What needs to be done:
Give an exact reproduction of the lines from the one with "this 1600×1200 image." to the final line of the entries below, both ends included, and omit the pictures.

(Entries shown Opens)

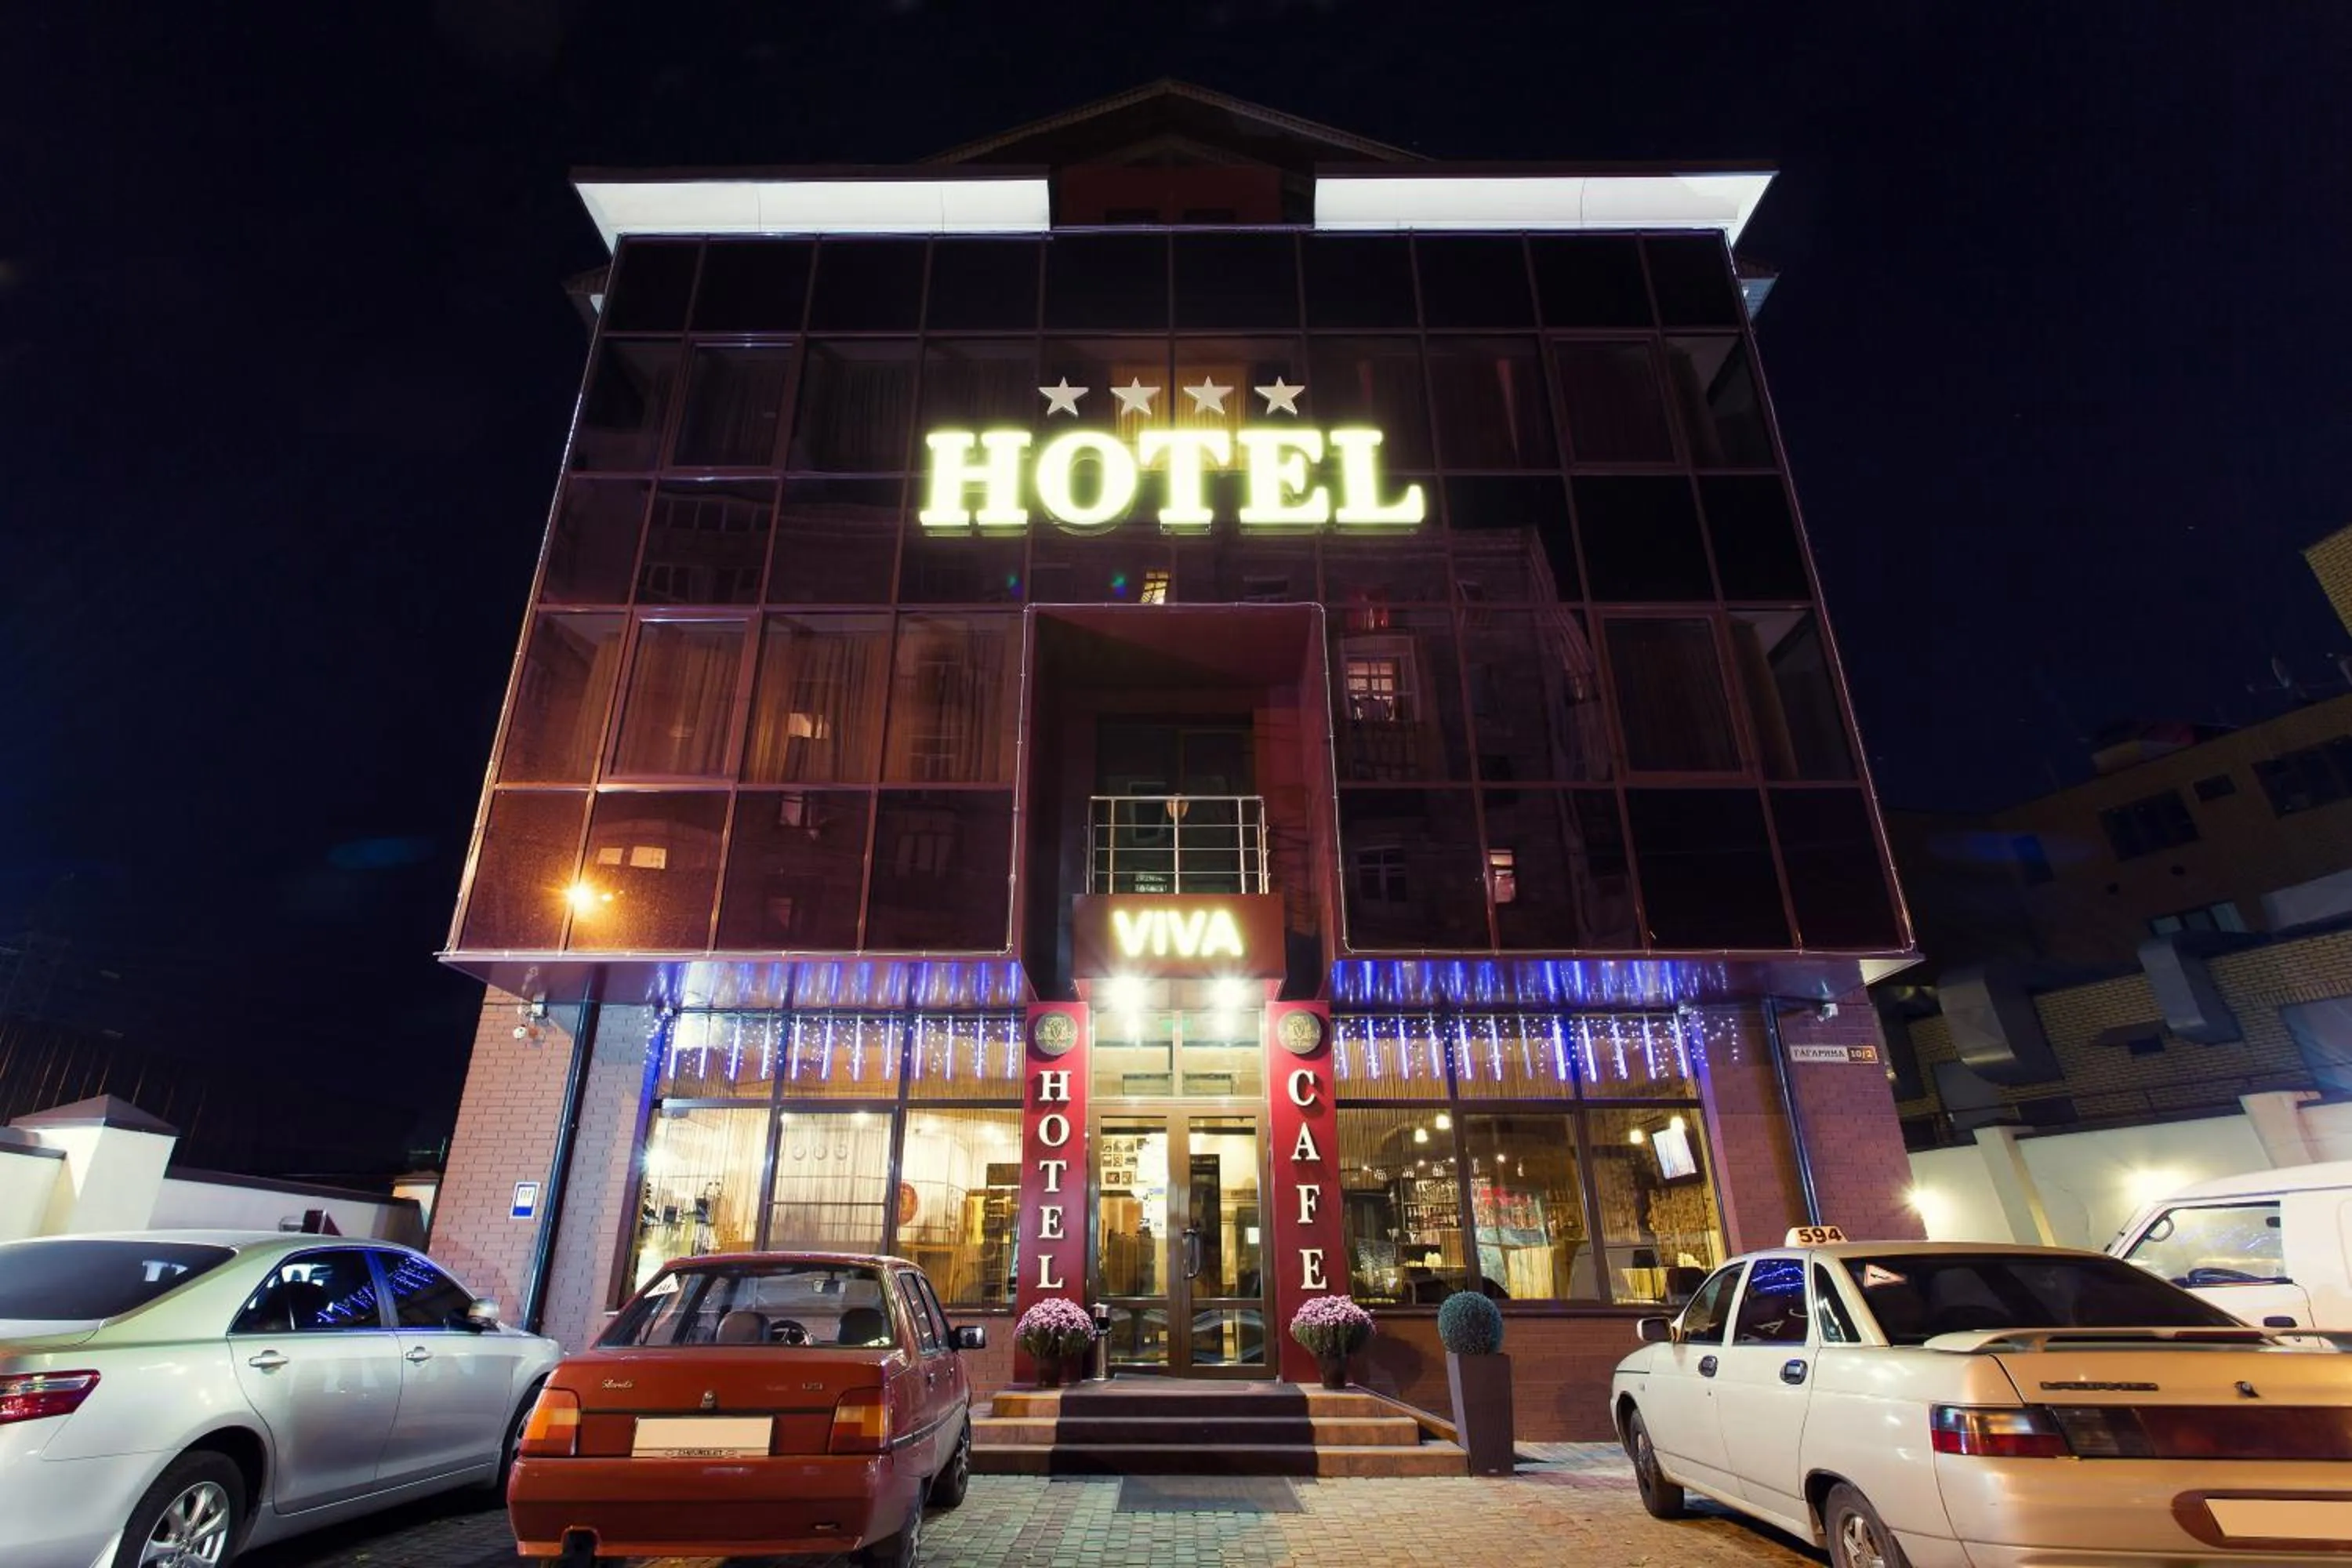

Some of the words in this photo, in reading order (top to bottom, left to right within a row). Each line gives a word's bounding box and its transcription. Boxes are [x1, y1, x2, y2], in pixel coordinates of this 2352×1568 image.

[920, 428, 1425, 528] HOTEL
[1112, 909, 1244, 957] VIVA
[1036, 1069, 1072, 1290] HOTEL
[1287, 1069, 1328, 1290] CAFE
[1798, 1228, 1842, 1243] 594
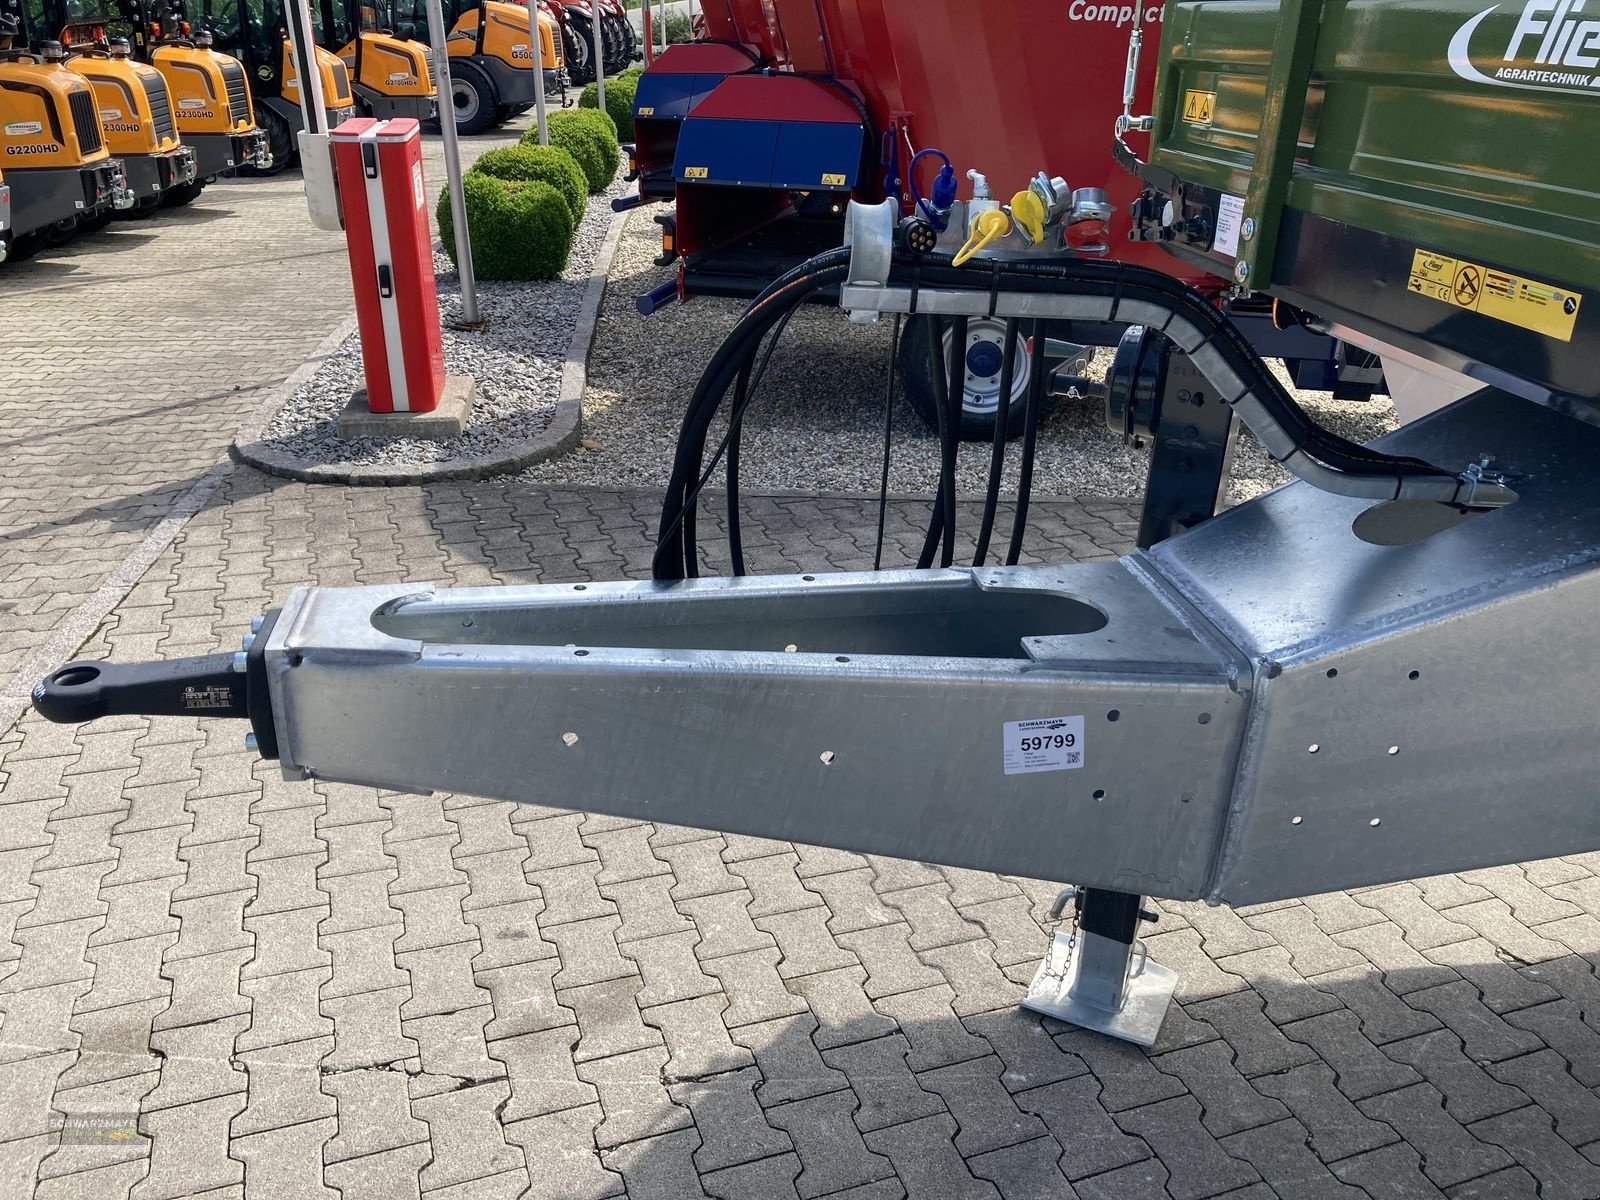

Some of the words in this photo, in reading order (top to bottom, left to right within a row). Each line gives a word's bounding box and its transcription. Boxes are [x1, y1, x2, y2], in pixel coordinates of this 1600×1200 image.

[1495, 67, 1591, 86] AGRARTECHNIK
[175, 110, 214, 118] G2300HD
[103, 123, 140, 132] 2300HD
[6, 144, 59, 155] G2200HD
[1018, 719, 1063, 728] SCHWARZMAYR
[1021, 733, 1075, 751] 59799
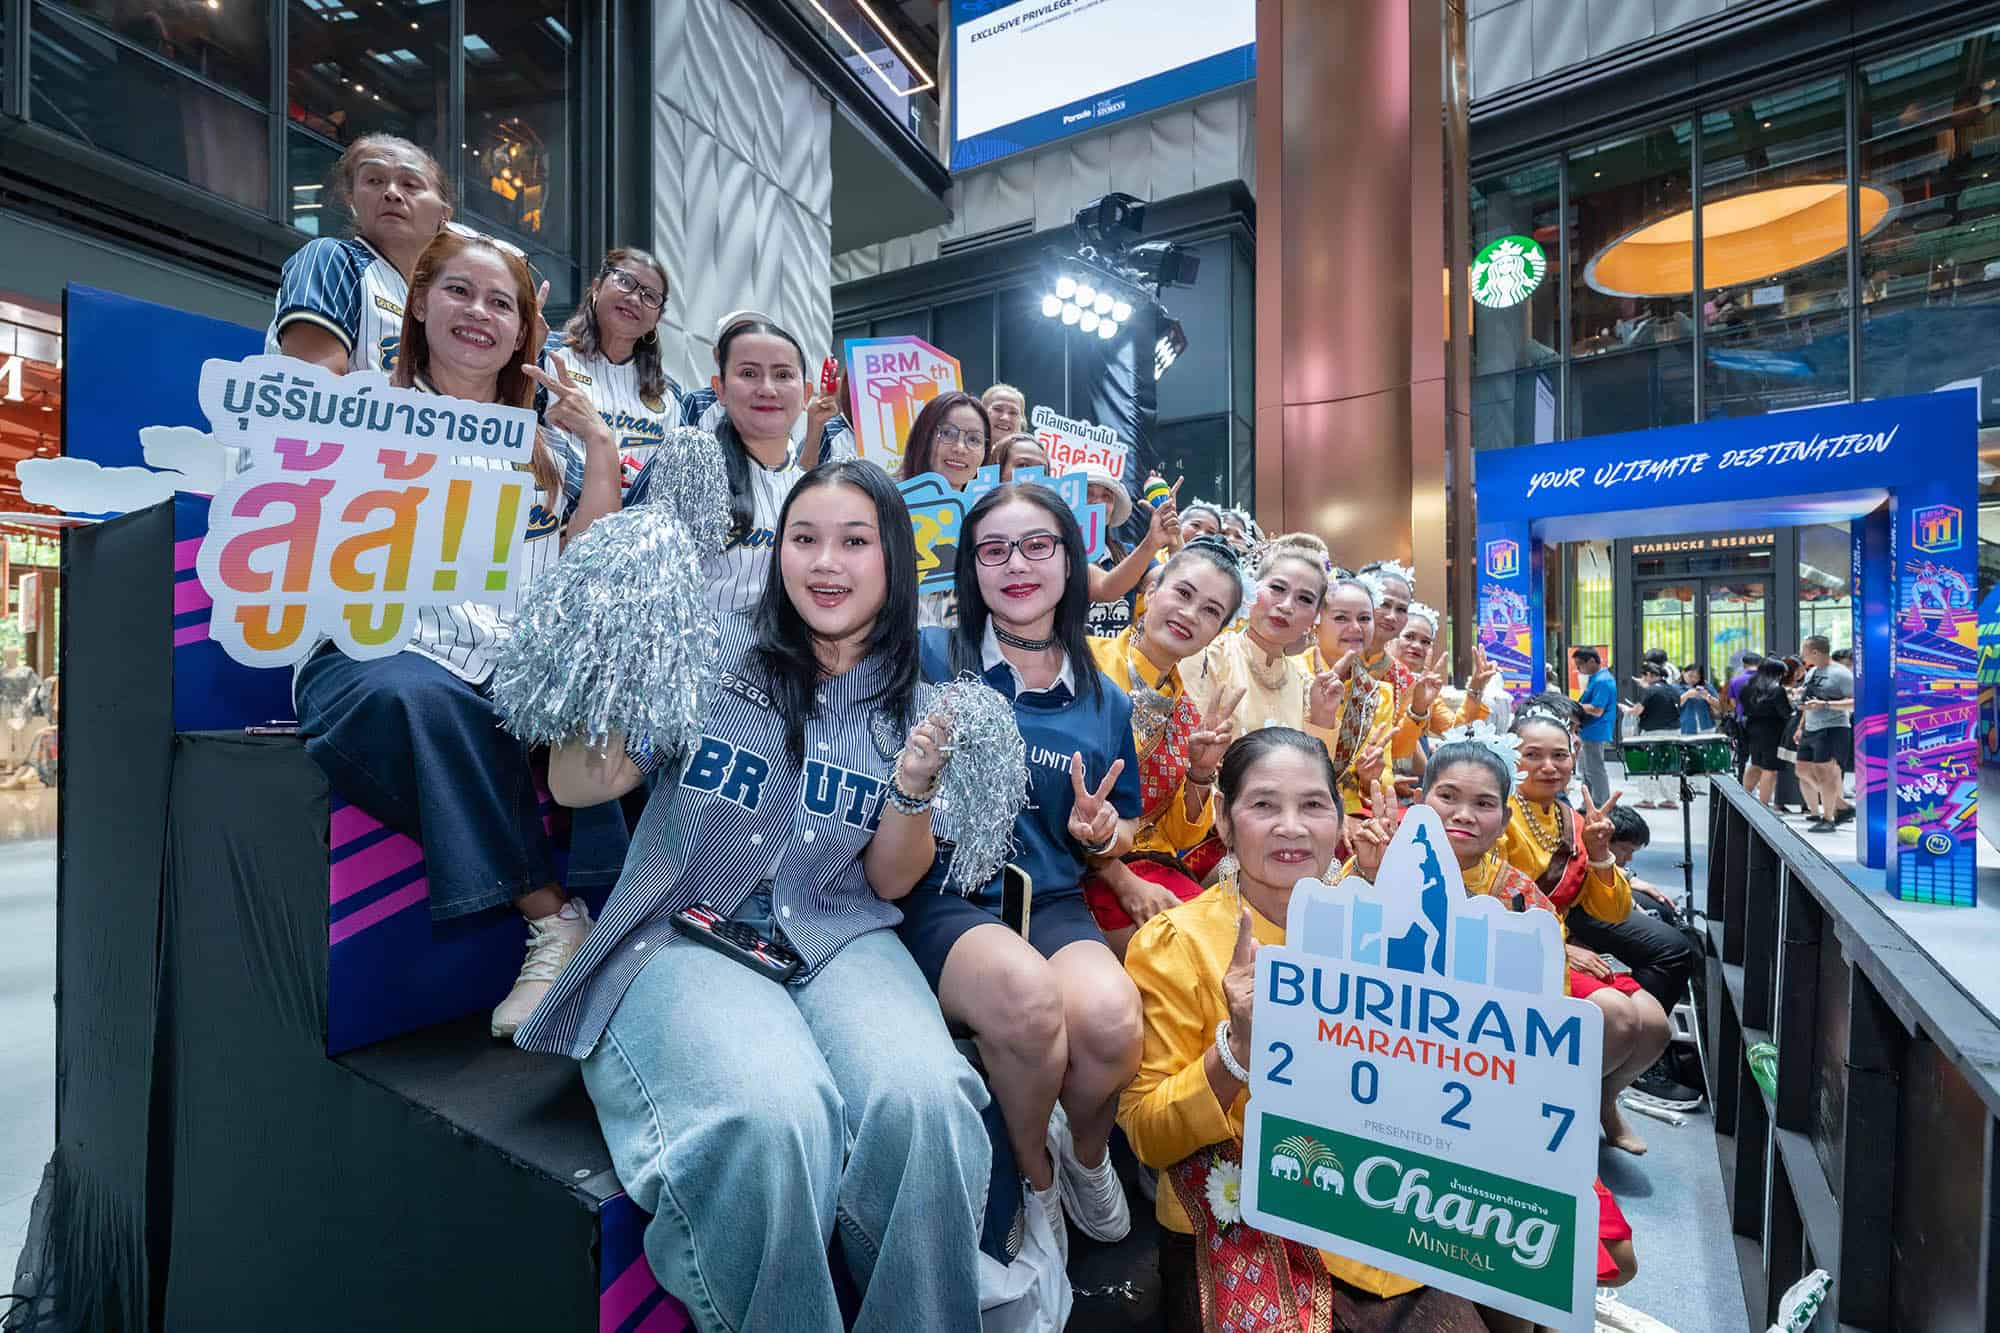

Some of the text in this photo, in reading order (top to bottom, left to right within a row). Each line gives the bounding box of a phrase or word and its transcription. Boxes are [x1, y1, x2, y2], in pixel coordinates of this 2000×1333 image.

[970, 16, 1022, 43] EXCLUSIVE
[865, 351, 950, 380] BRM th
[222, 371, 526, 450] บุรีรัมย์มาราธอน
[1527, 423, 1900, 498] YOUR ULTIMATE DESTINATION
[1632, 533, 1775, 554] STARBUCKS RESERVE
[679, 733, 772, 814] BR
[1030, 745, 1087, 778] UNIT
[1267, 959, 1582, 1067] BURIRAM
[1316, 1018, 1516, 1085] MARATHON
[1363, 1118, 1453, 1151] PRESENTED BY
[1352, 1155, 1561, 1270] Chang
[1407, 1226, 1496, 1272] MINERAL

(Entries shown Closes)

Solution to the problem:
Some of the words in this photo, in reading order (top to bottom, left to right within a row). Each line gives a word's bounding box and its transcription. Boxes are [x1, y1, x2, y2], in pixel coordinates of this 1600×1200 image.

[1495, 67, 1591, 86] AGRARTECHNIK
[175, 110, 214, 118] G2300HD
[103, 123, 140, 132] 2300HD
[6, 144, 59, 155] G2200HD
[1018, 719, 1063, 728] SCHWARZMAYR
[1021, 733, 1075, 751] 59799

Some of the text in this photo, in reading order (top to bottom, left to right within a row). Each line gives the bounding box of a phrase or word and its transcription. Boxes are [x1, y1, x2, y2], in pixel coordinates of this 2000×1333 image.

[970, 16, 1022, 43] EXCLUSIVE
[865, 351, 950, 380] BRM th
[222, 371, 526, 450] บุรีรัมย์มาราธอน
[1527, 423, 1900, 498] YOUR ULTIMATE DESTINATION
[1632, 533, 1775, 554] STARBUCKS RESERVE
[679, 733, 772, 814] BR
[1030, 745, 1087, 778] UNIT
[1267, 959, 1582, 1067] BURIRAM
[1316, 1018, 1516, 1085] MARATHON
[1363, 1118, 1453, 1151] PRESENTED BY
[1352, 1155, 1561, 1270] Chang
[1407, 1226, 1496, 1272] MINERAL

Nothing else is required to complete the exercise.